**ASSIGNMENT**
Word-for-word transcription: reproduce all of the data, but not the pictures.

**EXTRACTED MATERIAL**
..........

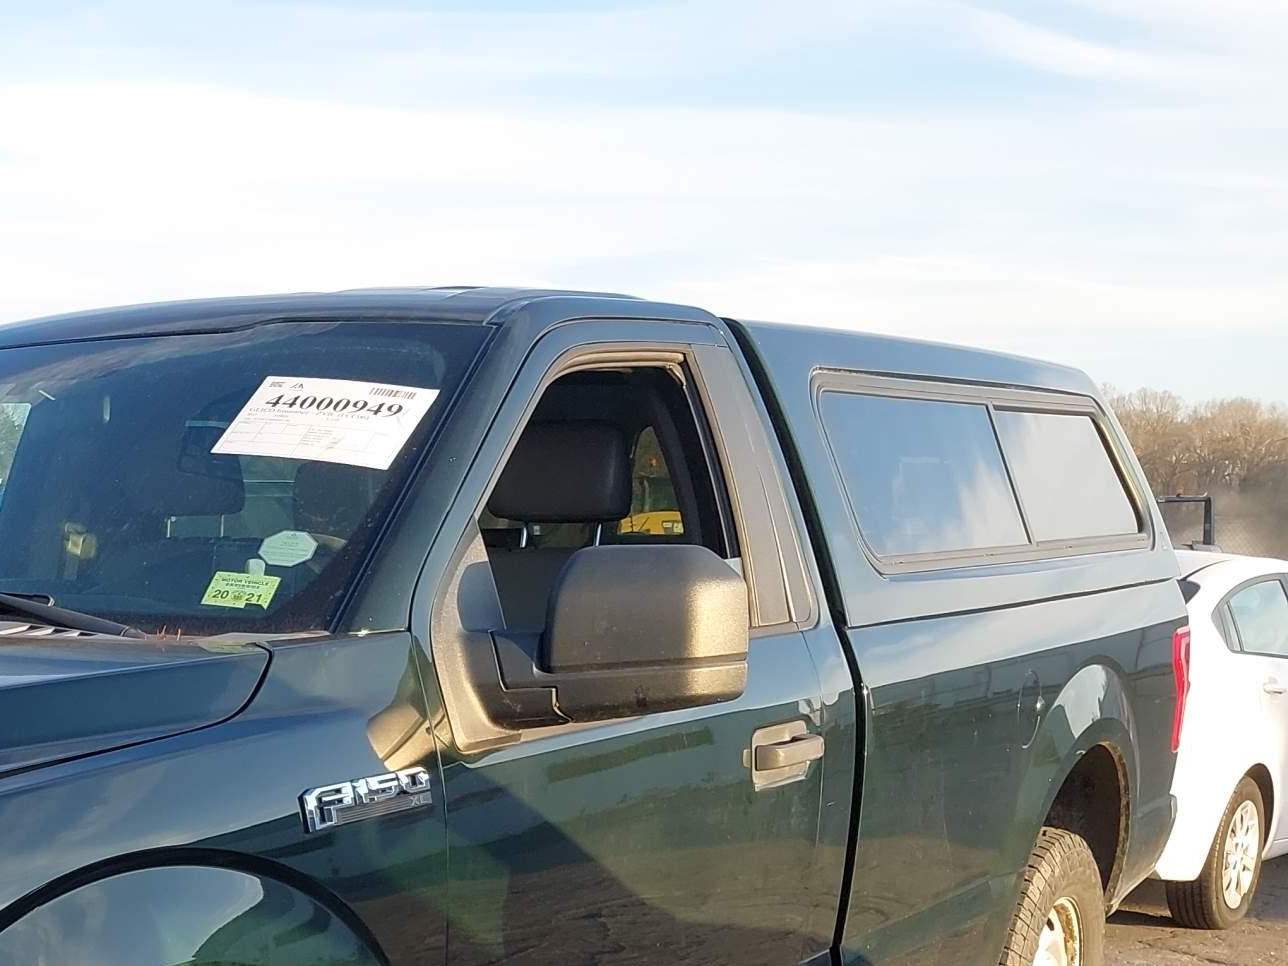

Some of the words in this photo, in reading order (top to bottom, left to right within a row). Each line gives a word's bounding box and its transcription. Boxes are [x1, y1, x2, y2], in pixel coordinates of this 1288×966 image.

[265, 394, 403, 418] 44000949
[212, 589, 230, 600] 20
[245, 592, 263, 603] 21
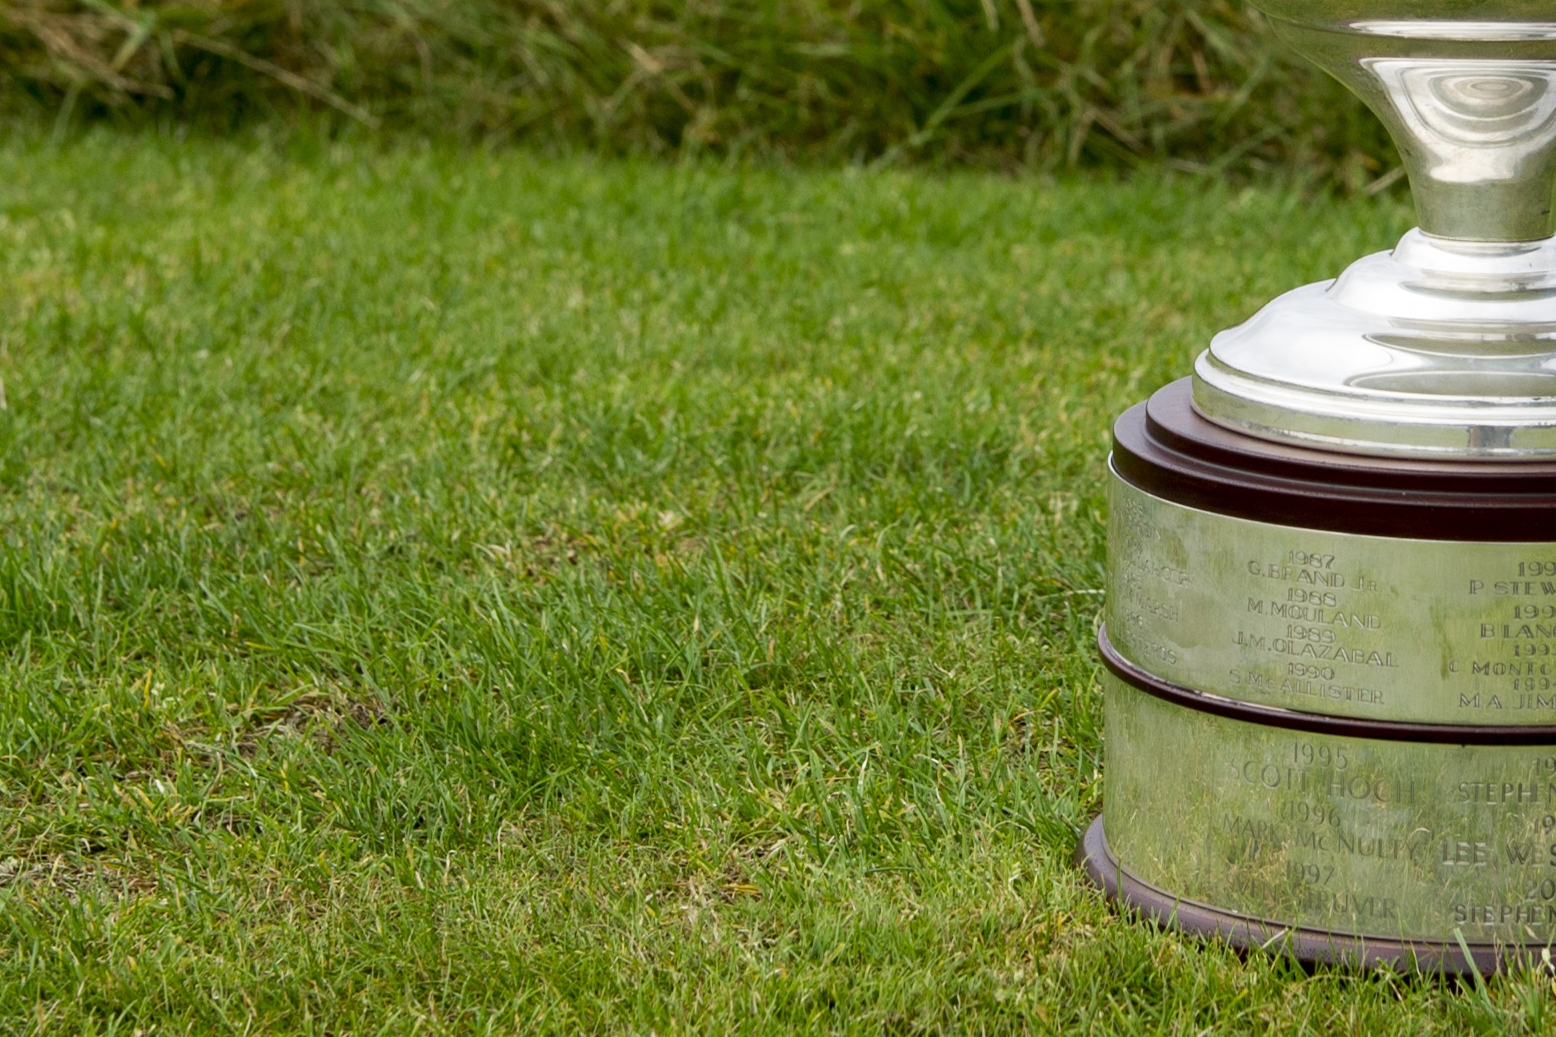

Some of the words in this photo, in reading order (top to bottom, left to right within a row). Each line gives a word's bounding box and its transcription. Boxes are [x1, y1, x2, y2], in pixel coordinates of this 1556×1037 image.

..........

**PROBLEM SOLUTION**
Some of the words in this photo, in reading order (top to bottom, left to right within a row). Each line gives a word's bounding box and its transcription. Boxes are [x1, y1, x2, y2], in pixel coordinates of this 1288×966 image.

[265, 394, 403, 418] 44000949
[212, 589, 230, 600] 20
[245, 592, 263, 603] 21

Some of the words in this photo, in reading order (top to bottom, left to right within a row). Each line gives a word's bounding box and its transcription. Boxes are [x1, y1, x2, y2], in pixel coordinates of this 1556×1037 image.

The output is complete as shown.